Mother ushered us upstairs to the bedroom; Father grabbed his cane and hobbled to the kitchen. He locked himself inside the kitchen every time the phantom pains attacked. No one was allowed to enter. Sitting alone in the dark, he sang for several hours with a loud, mournful voice that resonated throughout the entire house and prevented us from sleeping. I knew all of Father’s moods, all the songs that mirrored them. I knew his favorite Wanderlieder, his favorite Volkslieder, and his favorite Soldatenlieder. I knew the words to all the melodies.

Heinrich and I sat down on my bed and stared at each other. We were both trembling despite the heavy sweaters we wore to save money on the heating bill. It was only half past ten. Heinrich was pessimistic. “We’re gonna miss all the fireworks.” Not ready to give up hope, I thought of the loving father dwelling above the starry canopy and hummed Ode to Joy. I would hum it over and over until joy would visit our home.

Father was sad over losing the war, sad over losing his leg. I listened to the intensity, the ebb and flow in his wailing. I listened for a possible change in his mood. He started to sing In einem Polenstädtchen, one of my favorites. In the song, German soldiers march into a small Polish town and encounter a captivating maiden who refuses to kiss any of them. Many nights, unable to fall asleep, I had mouthed along with the refrain Aber nein, aber nein sprach sie. Ich küsse nie. I had imagined myself as the irresistible maiden among all the lonely men. Like her, I would not allow anyone to kiss me.

The longing and homesickness in his voice were heartbreaking. I pictured Father among a group of soldiers with their knapsacks, marching and singing in the open air. I pictured the long Russian winter, the battle of Stalingrad, being hit by a grenade. I pulled the heavy down comforter up to my neck to ward off the harsh and biting wind he must have felt. I tried to understand his phantom pains, the agonizing torture he felt. But why did his pains, undoubtedly real, have to return today on New Year’s Eve? Did he want to make us suffer, make us feel as bitter and depressed as he was?

Mother, balancing a plate of Berliner Ballen on her palm, entered our bedroom. “It’s a quarter to twelve. Have a Berliner,” she said and sat down between us. “You have to understand your father. He’s afraid of New Year’s Eve. The fireworks sound like an artillery attack to him.”

I pictured Father among a group of soldiers with their knapsacks, marching and singing in the open air. I pictured the long Russian winter, the battle of Stalingrad, being hit by a grenade.

Life was unfair. I was tired of having to understand Father. I was ten years old. It was New Year’s Eve and I wanted to join the jubilation. Not steal away alone in tears, but follow the rose-strewn path.i The War had ended almost twenty years ago. Heinrich and I had never fought in a war, nor lost a war, but we were being punished as if we had. Ignoring the pastries, we went over to the window and pressed our noses against the glass.

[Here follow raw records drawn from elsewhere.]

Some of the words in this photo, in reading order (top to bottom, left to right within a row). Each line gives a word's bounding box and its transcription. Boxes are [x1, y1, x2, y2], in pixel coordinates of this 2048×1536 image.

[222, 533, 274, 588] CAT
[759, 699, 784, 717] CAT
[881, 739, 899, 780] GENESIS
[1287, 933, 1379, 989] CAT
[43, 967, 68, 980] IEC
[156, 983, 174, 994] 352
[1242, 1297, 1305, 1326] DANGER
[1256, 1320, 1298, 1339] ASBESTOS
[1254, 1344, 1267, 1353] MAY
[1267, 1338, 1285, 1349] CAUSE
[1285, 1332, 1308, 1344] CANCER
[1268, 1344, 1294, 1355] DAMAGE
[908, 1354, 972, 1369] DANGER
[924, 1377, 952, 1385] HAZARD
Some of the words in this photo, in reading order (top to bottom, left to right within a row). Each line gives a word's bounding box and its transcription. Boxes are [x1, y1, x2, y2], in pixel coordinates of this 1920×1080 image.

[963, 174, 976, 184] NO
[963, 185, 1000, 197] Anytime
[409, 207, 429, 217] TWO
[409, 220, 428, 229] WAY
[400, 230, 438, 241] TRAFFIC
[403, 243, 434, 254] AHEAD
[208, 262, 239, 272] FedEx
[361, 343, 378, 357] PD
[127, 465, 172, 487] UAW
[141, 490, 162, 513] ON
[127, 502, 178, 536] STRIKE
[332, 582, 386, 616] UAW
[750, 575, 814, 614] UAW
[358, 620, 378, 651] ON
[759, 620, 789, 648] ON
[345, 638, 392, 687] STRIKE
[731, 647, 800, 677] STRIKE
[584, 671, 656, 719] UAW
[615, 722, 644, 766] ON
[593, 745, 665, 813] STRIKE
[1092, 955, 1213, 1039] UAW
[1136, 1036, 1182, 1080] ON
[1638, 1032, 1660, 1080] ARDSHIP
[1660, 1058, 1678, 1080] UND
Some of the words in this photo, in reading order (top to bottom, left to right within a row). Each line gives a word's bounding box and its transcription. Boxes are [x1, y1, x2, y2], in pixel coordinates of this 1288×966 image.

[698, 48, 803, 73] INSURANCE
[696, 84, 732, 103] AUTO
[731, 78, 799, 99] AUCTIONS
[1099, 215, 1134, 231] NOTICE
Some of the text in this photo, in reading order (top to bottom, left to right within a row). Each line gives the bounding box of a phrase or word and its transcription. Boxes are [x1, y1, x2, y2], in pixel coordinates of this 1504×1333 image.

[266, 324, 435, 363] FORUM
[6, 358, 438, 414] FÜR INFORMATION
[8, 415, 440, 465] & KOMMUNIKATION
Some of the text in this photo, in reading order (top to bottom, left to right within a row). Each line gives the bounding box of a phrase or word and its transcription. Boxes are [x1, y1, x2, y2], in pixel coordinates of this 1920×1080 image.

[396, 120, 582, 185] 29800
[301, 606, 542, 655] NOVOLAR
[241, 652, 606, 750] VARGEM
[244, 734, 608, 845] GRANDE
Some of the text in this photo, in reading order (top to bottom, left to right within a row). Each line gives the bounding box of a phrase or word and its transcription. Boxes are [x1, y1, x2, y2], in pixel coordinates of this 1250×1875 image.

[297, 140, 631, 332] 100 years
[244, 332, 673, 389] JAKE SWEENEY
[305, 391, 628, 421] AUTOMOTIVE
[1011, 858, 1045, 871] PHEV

The street was full of people. “Holy cow, did you see that Kometenhagel? Amazing,” Heinrich said. Like a silver serpent, it shot up and opened into a cascade of tiny stars. There were mini explosions everywhere.

“Two more minutes,” Heinrich whispered. The people outside started to shout “Zehn, neun, acht, sieben…” yelling louder and louder as the numbers decreased. A thunderous, deafening blast erupted when everyone set off their fireworks at the same time. There were Roman candles, pinwheels, single rockets, cherry bombs, and my favorite, Chinaböller. Brilliant silver, green, red, and gold flashed in the sky.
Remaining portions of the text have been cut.